We have learned not to celebrate too early in our house.
The breaking point comes one lovely day when Juna decides to stay awake for thirteen, yes, thirteen hours. After all my reading and research, I have learned that babies should have only one to two hours of wakefulness before they are guided easily back to sleep. One book cautions that babies who don't sleep when they are infants are at greater risk for learning disabilities and disrupted sleep later in life. I am now sleep deprived, hormonal and panicked that my daughter's development is being hindered by my inability to help her sleep during the day. Many breakdowns later, I insist on going back to the pediatrician to rule out anything physical (reflux, early teething, extreme gas) and am told that Juna is perfectly healthy, and I am reassured is developing normally. She is just a colicky baby. This (new) pediatrician recommends that I do whatever it takes to get Juna to sleep (more for my sanity than anything else). Car rides? Fine. Ball bouncing? Wonderful. Nursing? Even better. She scoffs when I mention the whole "putting her down drowsy but not asleep" notion, and tells me to follow my own instincts.
And so we do. We free-fall into a no-routine lifestyle. Which has meant two days with Juna on our person when sleeping at all times. We don't even try to set her down now. Bradford uses the ball as his preferred method, and I use side-lying nursing as mine. Yes, it means that I don't "accomplish" anything during the day. I'm not cooking any meals, writing many blogs or burning any fat, but I am lovingly attending to my daughter's needs, and that feels pretty huge right now. Today, Juna slept every two hours in some form or another. It wasn't easy, but she was a much happier baby during her awake time, and that makes it all worthwhile.

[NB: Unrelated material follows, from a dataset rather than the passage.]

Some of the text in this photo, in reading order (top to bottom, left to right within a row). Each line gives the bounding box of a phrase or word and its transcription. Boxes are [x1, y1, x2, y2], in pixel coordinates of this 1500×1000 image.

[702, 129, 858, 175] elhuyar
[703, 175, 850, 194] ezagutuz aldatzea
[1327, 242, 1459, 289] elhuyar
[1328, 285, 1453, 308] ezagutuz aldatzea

We are going to continue this no-method method until our little girl has her bearings in this great big world. It may be several days or several weeks. As a one-child household with two parents who are always or often home, we have the luxury to do this. Sometime soon, I have hope that we will be able to establish a routine that suits us all, but until that time, Juna rules the roost. I realize that before we know it, Juna will have no interest in being with Mommy and Daddy constantly, so we may as well enjoy this phase while it lasts. This will require patience, flexibility and attentiveness on my part, but these are qualities I have been working on developing anyway. Funny how that works.... I'm also dropping the "fussy baby" diagnosis. She's just Juna. Happy, mad, curious and complex, never boring and full of life.